The Journal of Pain
Volume 10, Issue 12 , Pages 1242-1249, December 2009

Heightened Flexor Withdrawal Responses in Subjects With Knee Osteoarthritis

  • Carol A. Courtney

      Affiliations

    • University of Illinois at Chicago
    • Corresponding Author InformationAddress reprint requests to Dr Carol Courtney, University of Illinois at Chicago, Department of Physical Therapy, 1919 W Taylor Street, 4th floor, Chicago, IL 60612.
  • ,
  • Michael D. Lewek

      Affiliations

    • University of North Carolina at Chapel Hill
  • ,
  • Paul O. Witte

      Affiliations

    • University of Illinois at Chicago
  • ,
  • Samuel J. Chmell

      Affiliations

    • University of Illinois at Chicago
  • ,
  • T. George Hornby

      Affiliations

    • University of Illinois at Chicago
    • Rehabilitation Institute of Chicago

Received 16 February 2009; received in revised form 7 April 2009; accepted 13 May 2009. published online 23 July 2009.

Abstract 

Patients with osteoarthritic (OA) knee pain often present with impaired muscle activation and function that may be attributed in part to hyperexcitability of flexion withdrawal reflexes (FWRs).
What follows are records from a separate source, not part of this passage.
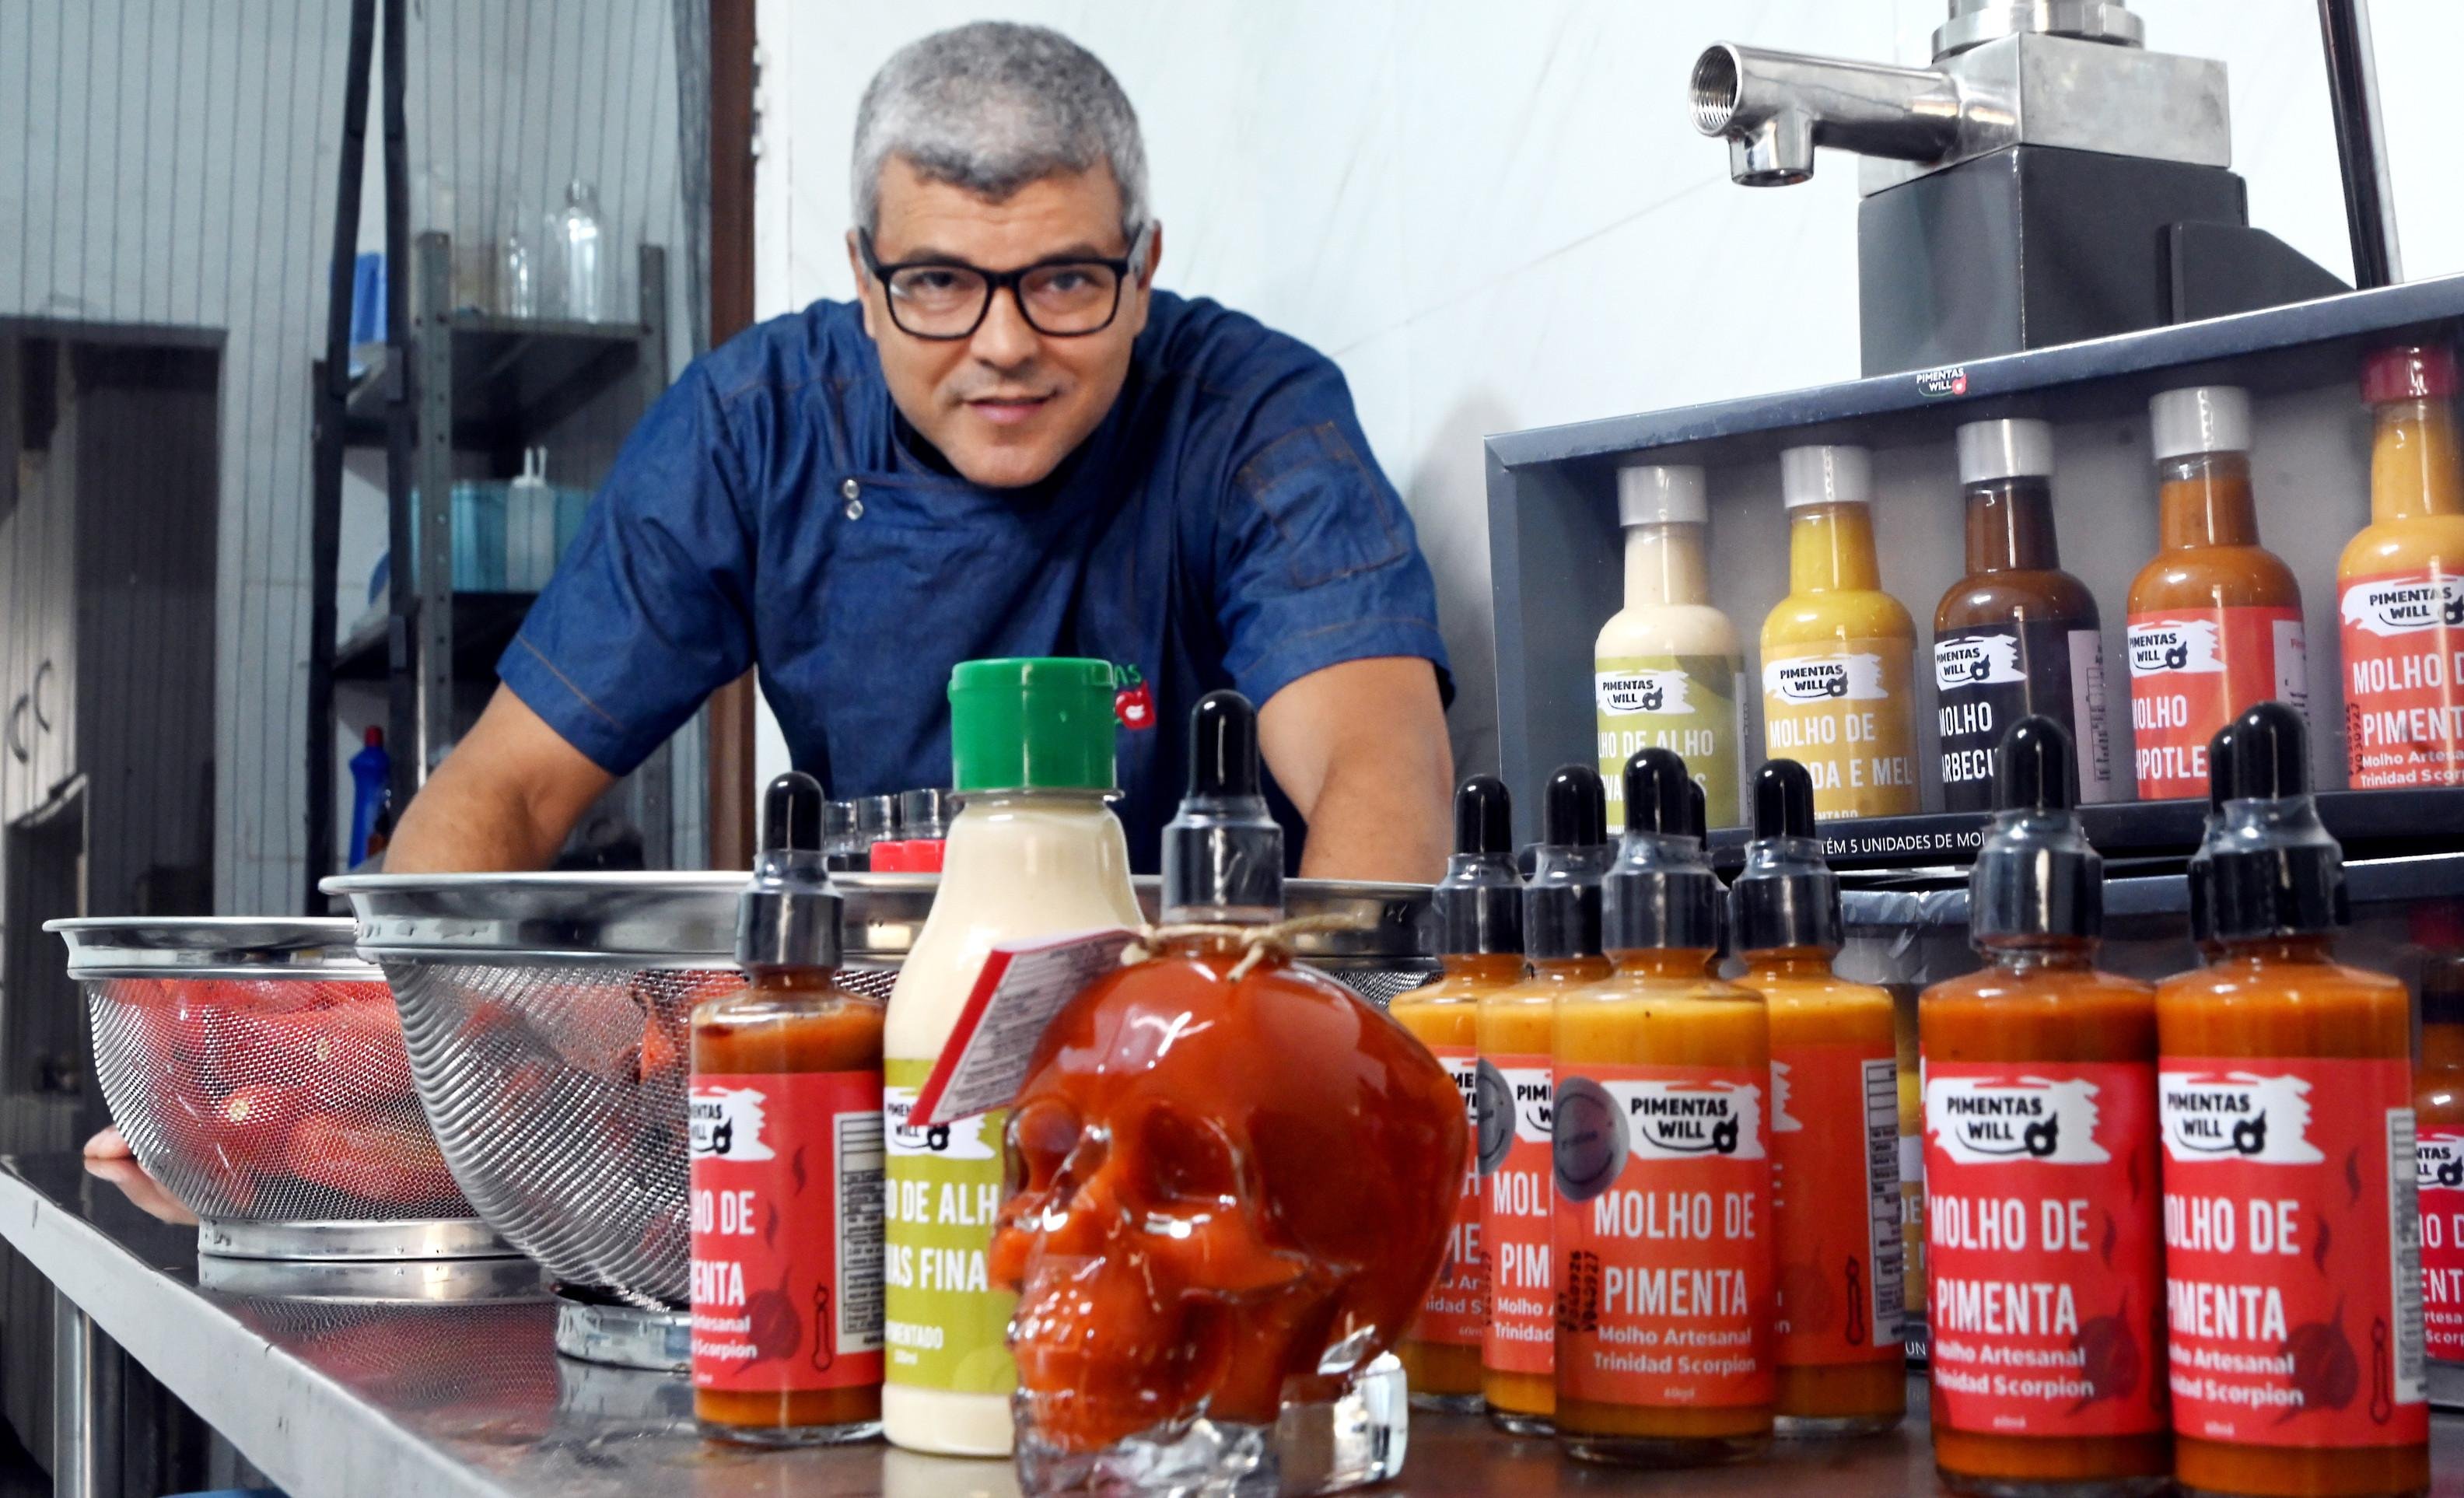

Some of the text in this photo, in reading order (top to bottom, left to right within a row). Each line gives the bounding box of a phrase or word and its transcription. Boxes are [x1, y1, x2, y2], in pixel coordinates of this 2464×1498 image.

[1916, 368, 1964, 383] PIMENTAS
[1929, 380, 1951, 392] WILL
[2370, 586, 2452, 606] PIMENTAS
[2390, 605, 2431, 620] WILL
[2130, 633, 2177, 648] PIMENTAS
[1937, 648, 1980, 664] PIMENTAS
[2137, 649, 2160, 662] WILL
[1780, 664, 1843, 679] PIMENTAS
[1944, 663, 1965, 676] WILL
[2353, 653, 2442, 695] MOLHO
[1603, 680, 1654, 691] PIMENTAS
[1794, 680, 1826, 691] WILL
[1613, 693, 1637, 704] WILL
[1770, 713, 1875, 748] MOLHO DE
[2363, 705, 2464, 747] PIMENT
[1598, 730, 1713, 758] LHO DE ALHO
[2136, 746, 2207, 781] IPOTLE
[2363, 752, 2403, 769] Molho
[1850, 759, 1864, 788] E
[1873, 757, 1913, 786] MEL
[2361, 769, 2417, 789] Trinidad
[1850, 839, 1857, 853] 5
[1862, 835, 1930, 852] UNIDADES
[1936, 833, 1952, 849] DE
[1631, 1097, 1727, 1116] PIMENTAS
[1947, 1097, 2042, 1115] PIMENTAS
[2168, 1094, 2250, 1112] PIMENTAS
[1657, 1121, 1705, 1139] WILL
[1968, 1122, 2014, 1140] WILL
[2183, 1119, 2222, 1137] WILL
[901, 1180, 930, 1223] DE
[938, 1182, 999, 1226] ALH
[1493, 1171, 1554, 1216] MOL
[720, 1190, 755, 1235] DE
[1594, 1191, 1755, 1240] MOLHO DE
[1931, 1196, 2090, 1251] MOLHO DE
[2249, 1199, 2300, 1255] DE
[919, 1247, 989, 1293] FINA
[1501, 1243, 1554, 1289] PIM
[691, 1260, 745, 1306] ENTA
[1605, 1266, 1748, 1317] PIMENTA
[1498, 1297, 1543, 1316] Molho
[1937, 1277, 2078, 1335] PIMENTA
[1598, 1325, 1751, 1346] Molho Artesanal
[1594, 1352, 1756, 1377] Trinidad Scorpion
[1980, 1345, 2086, 1367] Artesanal
[2194, 1347, 2295, 1374] Artesanal
[1993, 1374, 2095, 1401] Scorpion
[2205, 1378, 2305, 1411] Scorpion
The aim of this study was to investigate alterations in the excitability of FWR in individuals with knee OA and its potential associations with impaired quadriceps activation (QA) and subjective reports of pain. Twenty subjects with and 20 without knee OA (age, 45 to 75 years) participated. Impaired QA was determined in OA subjects during maximal volitional contraction of the quadriceps. FWRs were tested in isometric conditions using electrocutaneous stimulation applied at the medial foot at 1× and 2× FWR threshold and surface electromyographic recordings obtained from tibialis anterior (TA) and biceps femoris (BF). Joint torques at the hip, knee, and ankle were calculated and normalized to body mass. FWR threshold was significantly diminished in OA versus the control group (P < .01). In addition, FWR latencies were consistent with spinally mediated responses, with significantly earlier responses in OA versus control subjects of TA at threshold (P = .002) and BF at suprathreshold stimulation (P = .0006). Impaired QA was found in 4 of 20 OA subjects but was not correlated to FWR threshold or pain levels. Peak joint torques were diminished in the OA versus the control group (P < .0006).

Perspective

Increased excitability of FWRs was evident in subjects with chronic knee osteoarthritis, including those subjects without resting pain, but was not associated with impaired QA. Management strategies for this patient population must consider altered pain processing in addition to addressing impairments found at the knee.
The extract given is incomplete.